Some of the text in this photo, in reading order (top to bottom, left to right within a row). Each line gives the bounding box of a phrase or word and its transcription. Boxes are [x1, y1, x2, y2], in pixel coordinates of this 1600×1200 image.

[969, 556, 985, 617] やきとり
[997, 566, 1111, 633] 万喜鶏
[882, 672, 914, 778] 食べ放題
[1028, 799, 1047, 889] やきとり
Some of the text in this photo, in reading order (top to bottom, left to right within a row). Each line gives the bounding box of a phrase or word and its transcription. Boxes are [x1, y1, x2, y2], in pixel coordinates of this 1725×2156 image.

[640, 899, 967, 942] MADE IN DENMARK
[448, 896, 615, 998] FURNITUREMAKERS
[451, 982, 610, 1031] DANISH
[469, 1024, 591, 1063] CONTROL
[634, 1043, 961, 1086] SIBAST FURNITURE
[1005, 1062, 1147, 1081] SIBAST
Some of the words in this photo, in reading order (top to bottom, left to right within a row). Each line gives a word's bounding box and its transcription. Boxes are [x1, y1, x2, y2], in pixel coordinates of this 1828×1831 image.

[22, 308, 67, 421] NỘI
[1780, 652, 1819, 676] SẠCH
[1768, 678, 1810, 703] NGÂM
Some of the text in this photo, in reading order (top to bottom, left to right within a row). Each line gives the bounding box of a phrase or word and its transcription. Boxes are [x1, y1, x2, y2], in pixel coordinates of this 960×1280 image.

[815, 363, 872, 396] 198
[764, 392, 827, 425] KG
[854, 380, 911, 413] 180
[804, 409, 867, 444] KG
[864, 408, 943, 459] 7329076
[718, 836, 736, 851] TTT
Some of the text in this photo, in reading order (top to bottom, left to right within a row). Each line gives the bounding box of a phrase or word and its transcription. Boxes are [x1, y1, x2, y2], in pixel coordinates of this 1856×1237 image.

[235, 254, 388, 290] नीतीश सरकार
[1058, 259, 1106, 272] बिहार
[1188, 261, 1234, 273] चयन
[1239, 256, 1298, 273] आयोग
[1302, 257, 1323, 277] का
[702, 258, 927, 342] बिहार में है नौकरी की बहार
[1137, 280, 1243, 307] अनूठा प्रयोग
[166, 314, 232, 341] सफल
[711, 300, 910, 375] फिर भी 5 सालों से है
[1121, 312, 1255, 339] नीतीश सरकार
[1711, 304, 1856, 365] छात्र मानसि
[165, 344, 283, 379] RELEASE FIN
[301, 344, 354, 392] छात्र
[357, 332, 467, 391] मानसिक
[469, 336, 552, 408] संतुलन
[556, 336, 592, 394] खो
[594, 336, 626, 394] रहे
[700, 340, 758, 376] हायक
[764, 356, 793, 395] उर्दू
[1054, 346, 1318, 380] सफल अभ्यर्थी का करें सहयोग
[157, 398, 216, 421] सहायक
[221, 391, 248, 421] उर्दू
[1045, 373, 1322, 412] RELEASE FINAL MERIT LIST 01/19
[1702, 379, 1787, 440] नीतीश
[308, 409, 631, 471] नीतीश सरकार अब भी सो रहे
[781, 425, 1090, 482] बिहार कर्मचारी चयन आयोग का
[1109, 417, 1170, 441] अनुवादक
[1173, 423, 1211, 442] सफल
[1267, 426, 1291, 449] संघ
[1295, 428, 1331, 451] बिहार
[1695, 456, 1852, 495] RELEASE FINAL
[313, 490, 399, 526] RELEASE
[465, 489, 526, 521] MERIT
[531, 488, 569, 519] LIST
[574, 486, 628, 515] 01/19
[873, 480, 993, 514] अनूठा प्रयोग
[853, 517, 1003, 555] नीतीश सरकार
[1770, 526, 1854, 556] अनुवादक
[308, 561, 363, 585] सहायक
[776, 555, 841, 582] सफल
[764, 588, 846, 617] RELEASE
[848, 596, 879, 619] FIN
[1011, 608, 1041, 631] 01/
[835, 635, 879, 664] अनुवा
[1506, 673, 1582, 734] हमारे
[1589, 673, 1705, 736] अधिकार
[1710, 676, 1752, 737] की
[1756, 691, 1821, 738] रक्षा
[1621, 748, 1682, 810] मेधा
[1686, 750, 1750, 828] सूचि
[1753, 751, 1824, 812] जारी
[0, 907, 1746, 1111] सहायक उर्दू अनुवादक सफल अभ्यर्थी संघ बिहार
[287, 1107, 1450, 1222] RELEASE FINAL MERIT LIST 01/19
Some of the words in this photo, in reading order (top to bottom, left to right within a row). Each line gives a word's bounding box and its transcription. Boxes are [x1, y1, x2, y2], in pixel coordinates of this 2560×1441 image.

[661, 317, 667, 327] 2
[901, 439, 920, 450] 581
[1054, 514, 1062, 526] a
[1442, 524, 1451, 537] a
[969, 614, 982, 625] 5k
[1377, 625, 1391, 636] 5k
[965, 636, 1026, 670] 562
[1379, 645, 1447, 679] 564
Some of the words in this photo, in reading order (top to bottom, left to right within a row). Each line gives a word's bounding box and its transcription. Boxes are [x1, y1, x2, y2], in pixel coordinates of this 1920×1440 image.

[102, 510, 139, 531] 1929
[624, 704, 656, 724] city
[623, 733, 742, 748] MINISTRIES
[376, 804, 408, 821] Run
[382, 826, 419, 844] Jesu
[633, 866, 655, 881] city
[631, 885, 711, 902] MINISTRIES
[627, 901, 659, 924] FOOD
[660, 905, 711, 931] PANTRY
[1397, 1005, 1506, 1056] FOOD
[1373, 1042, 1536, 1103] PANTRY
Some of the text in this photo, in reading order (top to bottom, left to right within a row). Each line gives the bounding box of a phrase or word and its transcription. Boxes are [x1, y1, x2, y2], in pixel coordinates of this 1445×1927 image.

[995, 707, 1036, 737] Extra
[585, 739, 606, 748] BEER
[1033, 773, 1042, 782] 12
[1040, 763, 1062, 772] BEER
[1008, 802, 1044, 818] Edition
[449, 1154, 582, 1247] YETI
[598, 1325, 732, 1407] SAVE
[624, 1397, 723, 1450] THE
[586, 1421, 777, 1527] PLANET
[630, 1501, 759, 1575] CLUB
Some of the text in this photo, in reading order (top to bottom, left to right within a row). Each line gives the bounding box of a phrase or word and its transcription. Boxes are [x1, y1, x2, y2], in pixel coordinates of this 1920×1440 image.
__________
* **EXERCISE INSTRUCTIONS**: Your reply should consist only of the lines running from the line with "this 1445×1927 image." to the end of the listing, retyped exactly.

* **ANSWER AREA**:
Some of the text in this photo, in reading order (top to bottom, left to right within a row). Each line gives the bounding box of a phrase or word and its transcription. Boxes are [x1, y1, x2, y2], in pixel coordinates of this 1445×1927 image.

[995, 707, 1036, 737] Extra
[585, 739, 606, 748] BEER
[1033, 773, 1042, 782] 12
[1040, 763, 1062, 772] BEER
[1008, 802, 1044, 818] Edition
[449, 1154, 582, 1247] YETI
[598, 1325, 732, 1407] SAVE
[624, 1397, 723, 1450] THE
[586, 1421, 777, 1527] PLANET
[630, 1501, 759, 1575] CLUB
Some of the text in this photo, in reading order (top to bottom, left to right within a row). Each line gives the bounding box of a phrase or word and its transcription. Boxes are [x1, y1, x2, y2], in pixel coordinates of this 1920×1440 image.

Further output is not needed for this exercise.